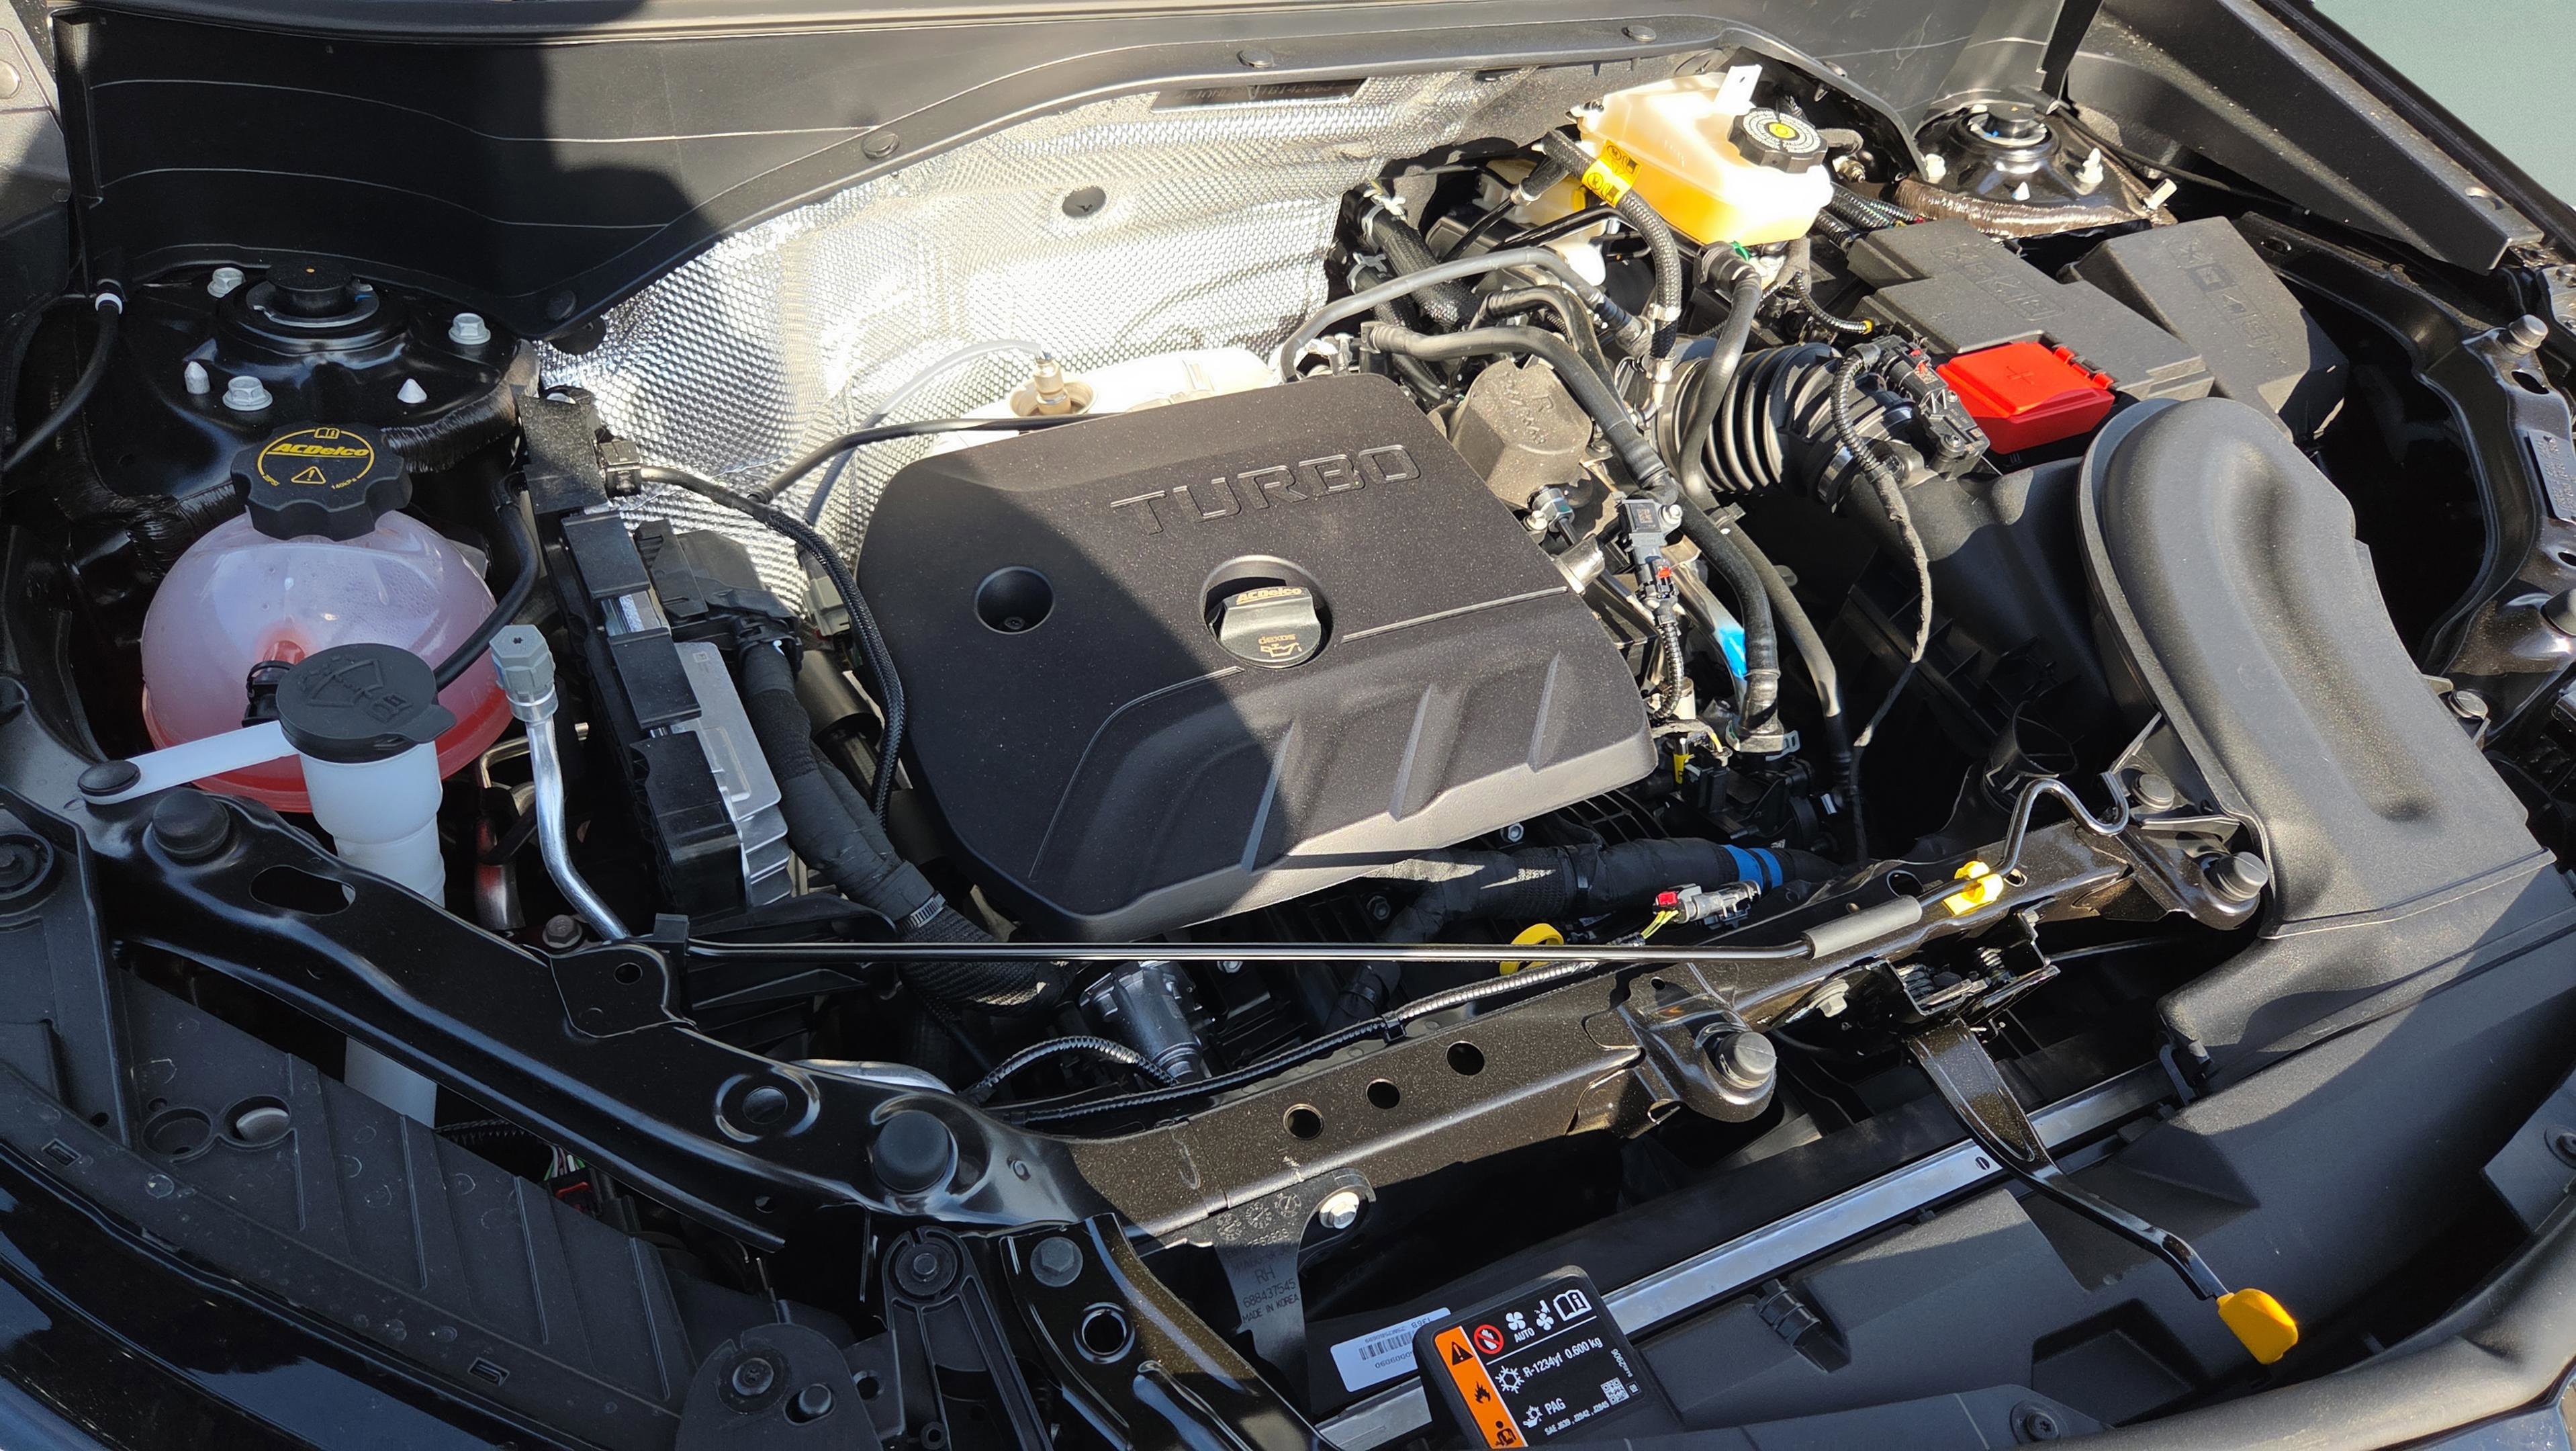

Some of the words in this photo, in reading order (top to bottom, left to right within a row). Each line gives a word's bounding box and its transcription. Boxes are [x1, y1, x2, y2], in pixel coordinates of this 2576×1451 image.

[272, 443, 369, 456] ACDelco
[1110, 444, 1421, 535] TURBO
[1236, 588, 1302, 605] ACDelco
[1254, 1265, 1276, 1284] RH
[1242, 1278, 1296, 1309] 688437545
[1242, 1307, 1262, 1324] MADE
[1266, 1303, 1275, 1313] IN
[1277, 1294, 1299, 1309] KOREA
[1514, 1327, 1536, 1343] AUTO
[1522, 1352, 1563, 1378] R-1234yf
[1564, 1342, 1590, 1359] 0.600
[1588, 1337, 1604, 1351] kg
[1545, 1397, 1566, 1415] PAG
[1544, 1424, 1558, 1436] SAE
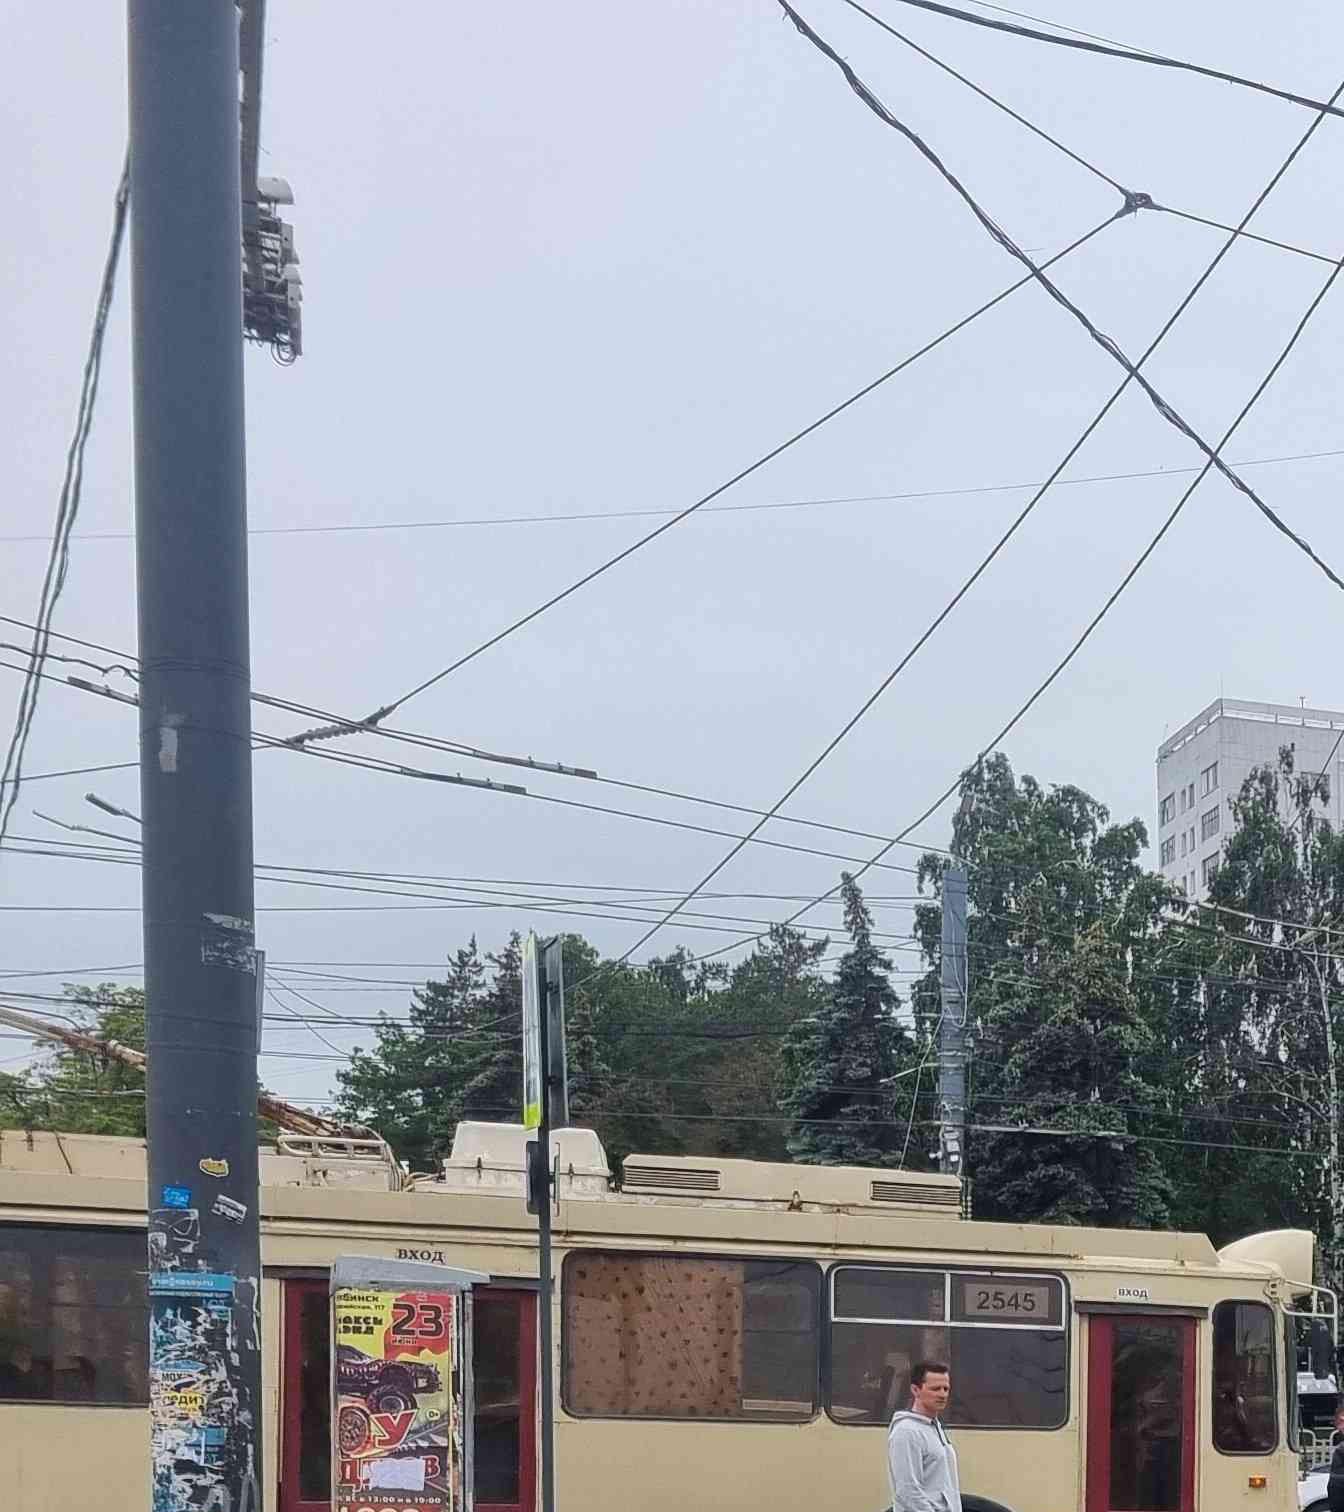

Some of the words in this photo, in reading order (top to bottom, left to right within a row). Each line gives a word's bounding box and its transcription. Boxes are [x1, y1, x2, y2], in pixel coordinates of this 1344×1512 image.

[399, 1249, 445, 1264] ВХОД
[976, 1291, 1036, 1312] 2545
[392, 1302, 443, 1337] 23

What you will do | Repeat exactly the lines starting at the line with "this 1344×1512 image." and ending with the final line of the entries. Include nothing else.

Expected output |
Some of the words in this photo, in reading order (top to bottom, left to right within a row). Each line gives a word's bounding box and its transcription. Boxes are [x1, y1, x2, y2], in pixel coordinates of this 1344×1512 image.

[399, 1249, 445, 1264] ВХОД
[976, 1291, 1036, 1312] 2545
[392, 1302, 443, 1337] 23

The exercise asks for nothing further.